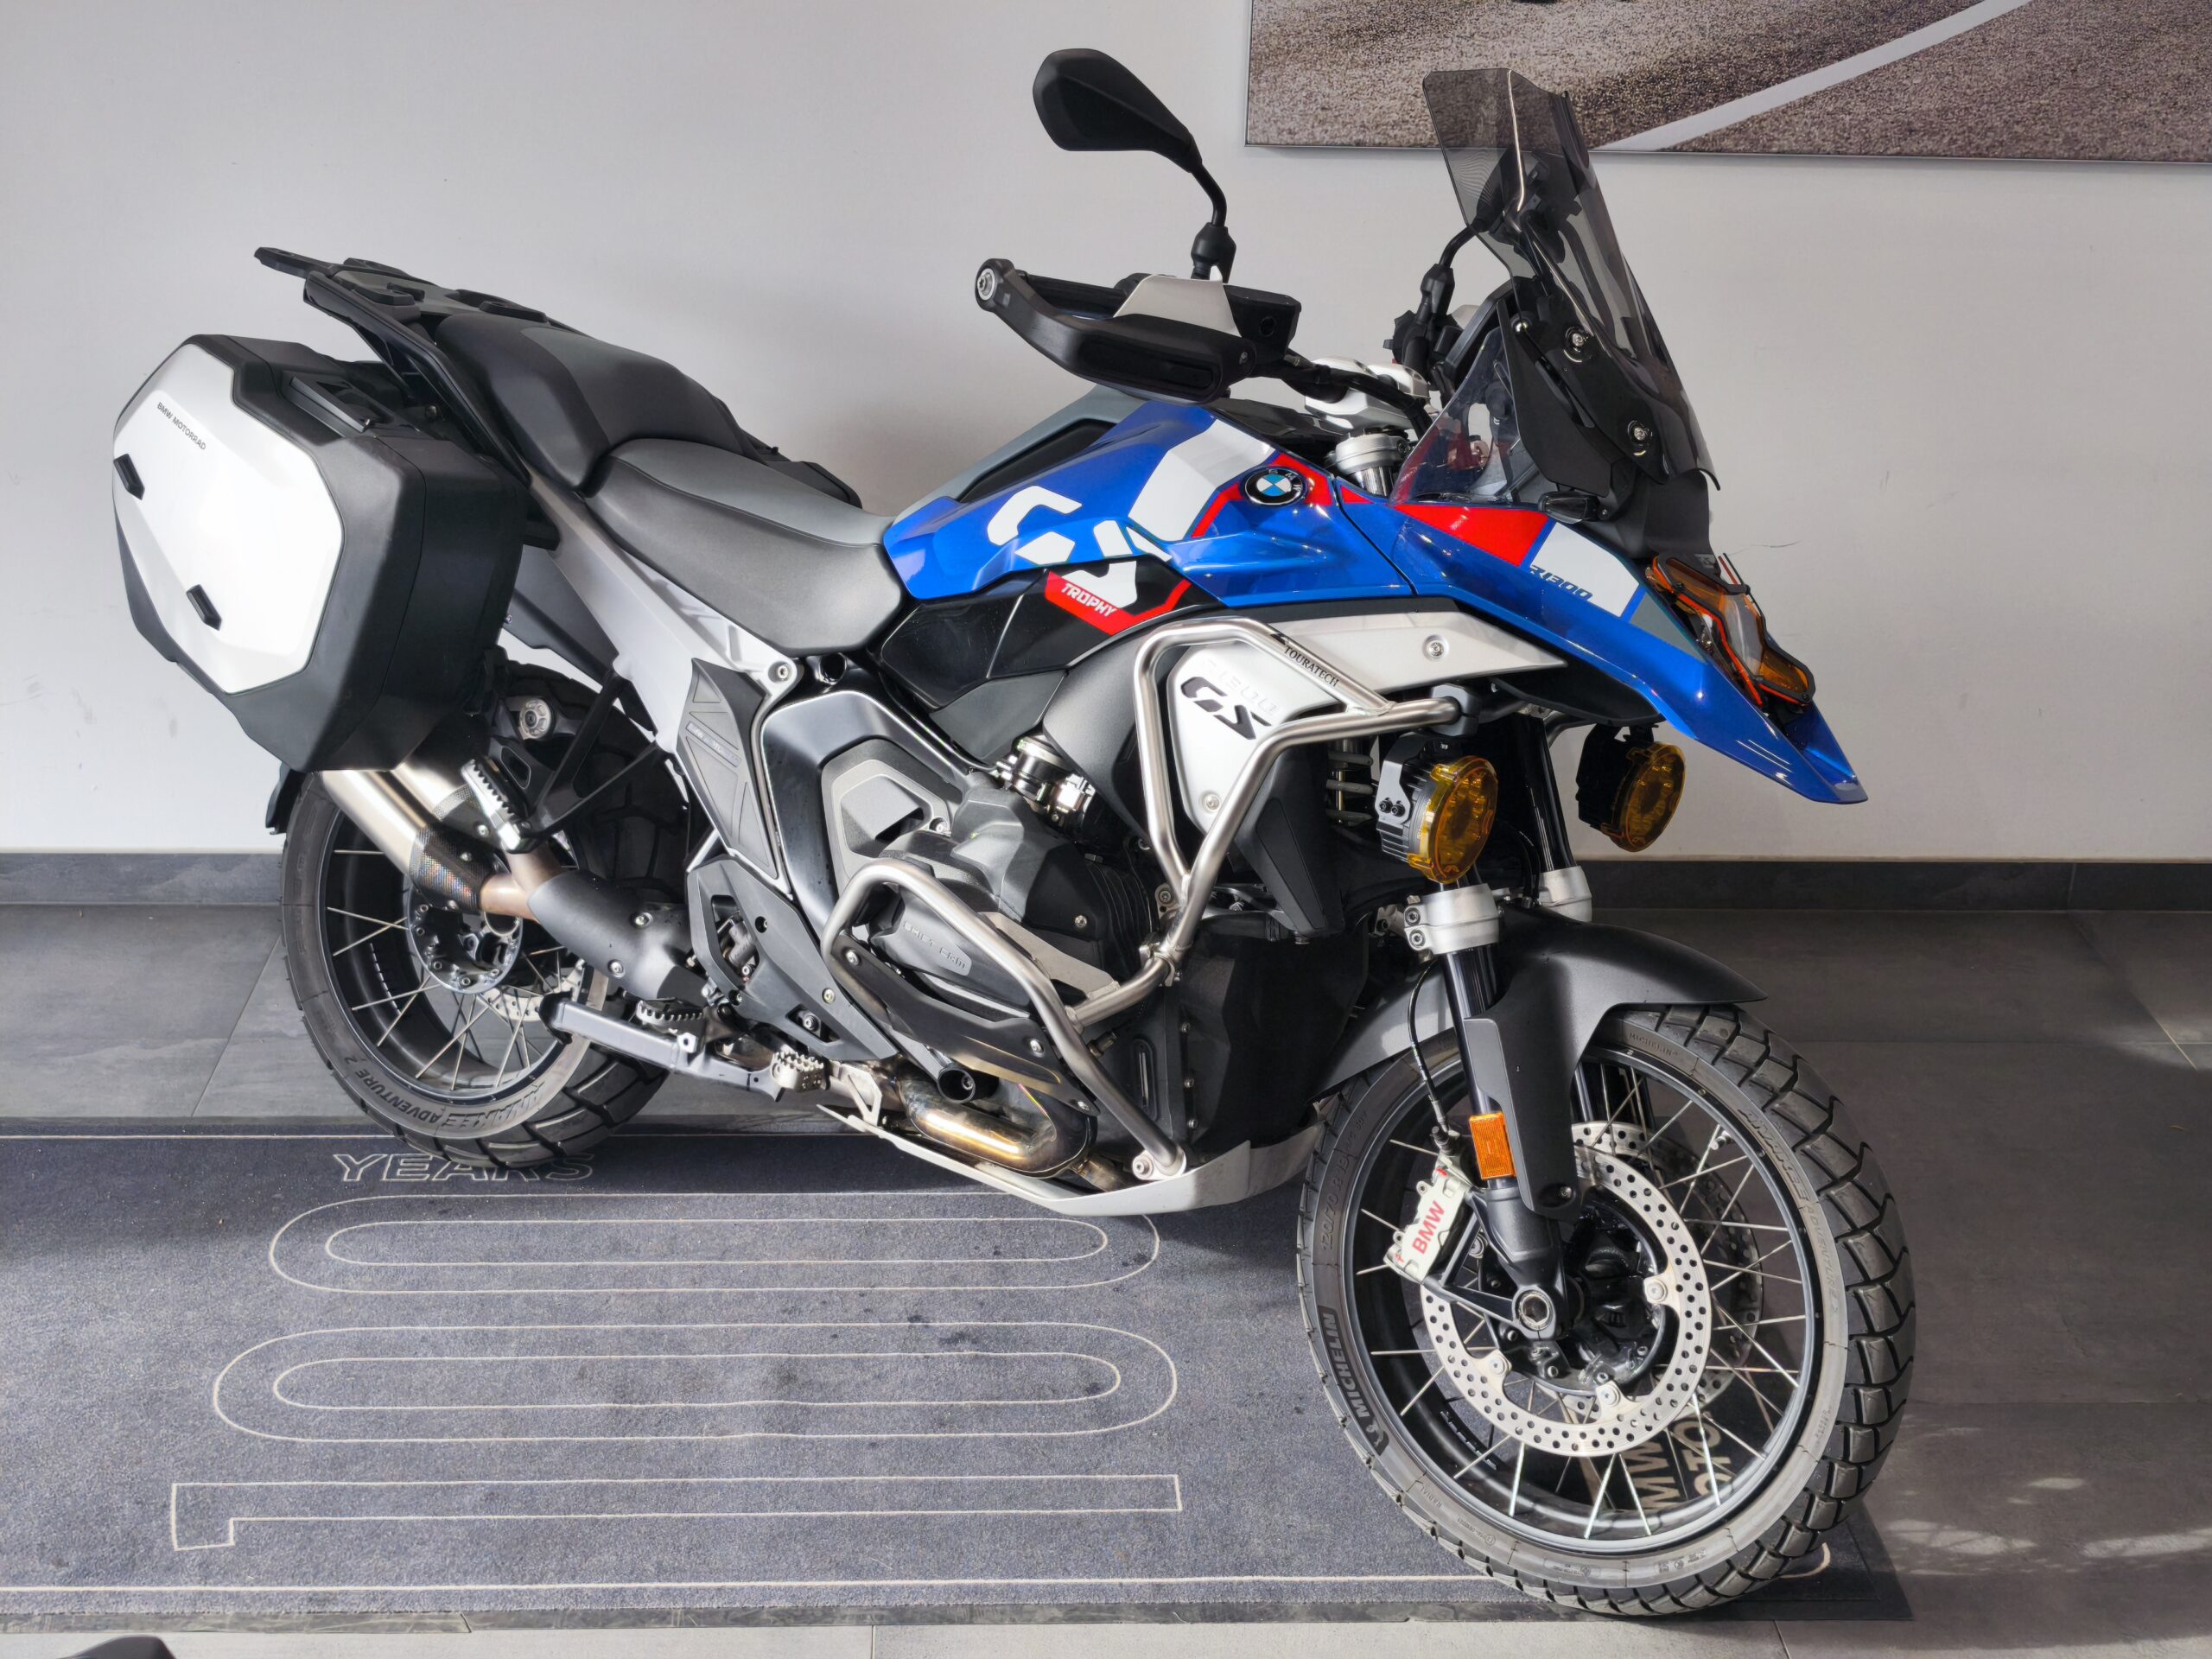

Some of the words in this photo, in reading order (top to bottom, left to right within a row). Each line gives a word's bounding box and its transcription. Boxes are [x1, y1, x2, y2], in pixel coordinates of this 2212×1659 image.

[157, 402, 173, 420] BMW
[174, 416, 207, 450] MOTORRAD
[1060, 582, 1118, 617] TROPHY
[1283, 645, 1340, 688] TOURATECH
[355, 1068, 441, 1124] ADVENTURE
[1411, 1199, 1446, 1255] BMW
[1801, 1205, 1840, 1297] ADVENTURE
[1322, 1313, 1371, 1419] MICHELIN
::::::
What to produce: An exact copy of the entries above is needed, with the pictures removed.

Solution below:
Some of the words in this photo, in reading order (top to bottom, left to right within a row). Each line gives a word's bounding box and its transcription. Boxes are [x1, y1, x2, y2], in pixel coordinates of this 2212×1659 image.

[157, 402, 173, 420] BMW
[174, 416, 207, 450] MOTORRAD
[1060, 582, 1118, 617] TROPHY
[1283, 645, 1340, 688] TOURATECH
[355, 1068, 441, 1124] ADVENTURE
[1411, 1199, 1446, 1255] BMW
[1801, 1205, 1840, 1297] ADVENTURE
[1322, 1313, 1371, 1419] MICHELIN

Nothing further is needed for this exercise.